Source data:
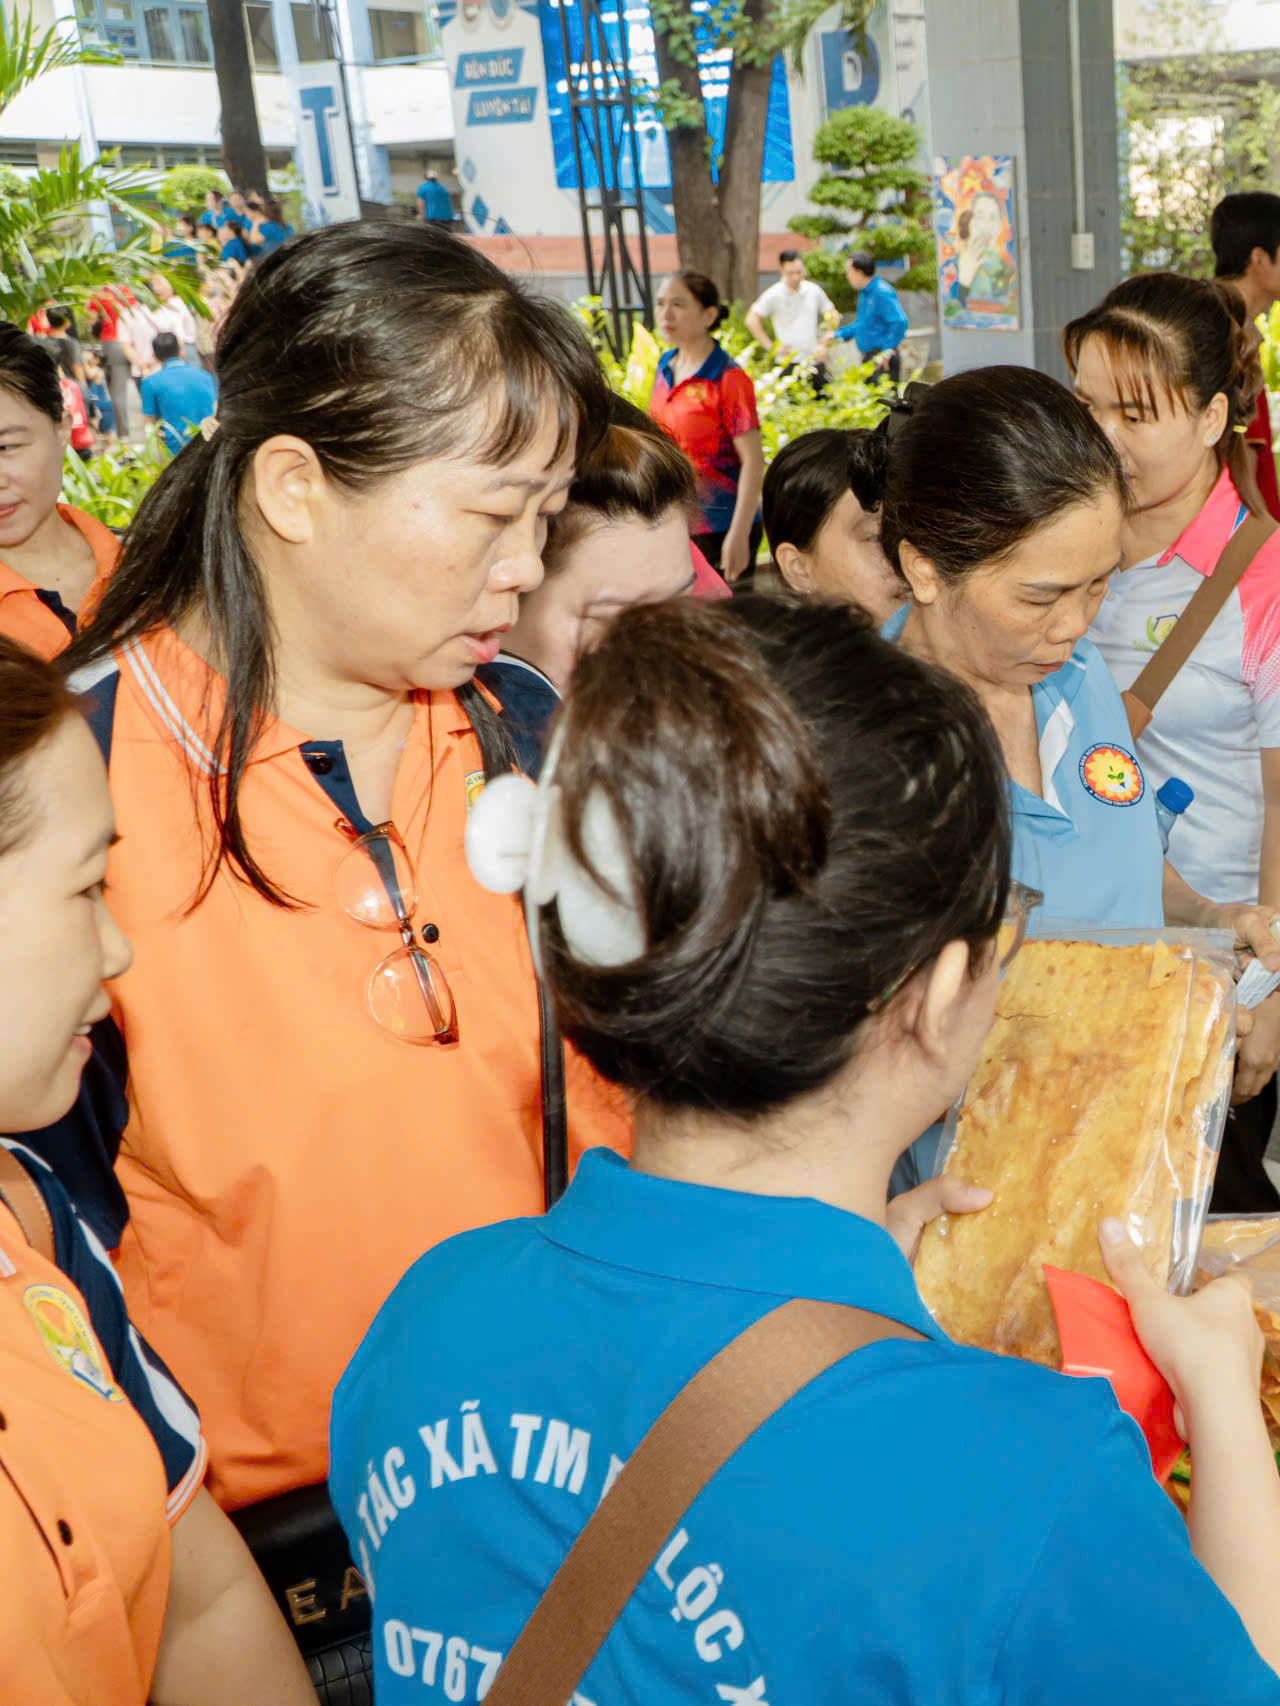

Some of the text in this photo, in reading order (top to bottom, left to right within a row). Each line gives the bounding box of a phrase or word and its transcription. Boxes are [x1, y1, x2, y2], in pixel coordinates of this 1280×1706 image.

[357, 1446, 416, 1551] TÁC
[418, 1399, 498, 1489] XÃ
[510, 1413, 591, 1495] TM
[654, 1527, 744, 1663] LỘC

Your goal:
If pictures are present, they are dropped, and the entries above are written out word for word.

Response to this task:
Some of the text in this photo, in reading order (top to bottom, left to right within a row). Each line gives the bounding box of a phrase or word and its transcription. Boxes are [x1, y1, x2, y2], in pixel coordinates of this 1280×1706 image.

[357, 1446, 416, 1551] TÁC
[418, 1399, 498, 1489] XÃ
[510, 1413, 591, 1495] TM
[654, 1527, 744, 1663] LỘC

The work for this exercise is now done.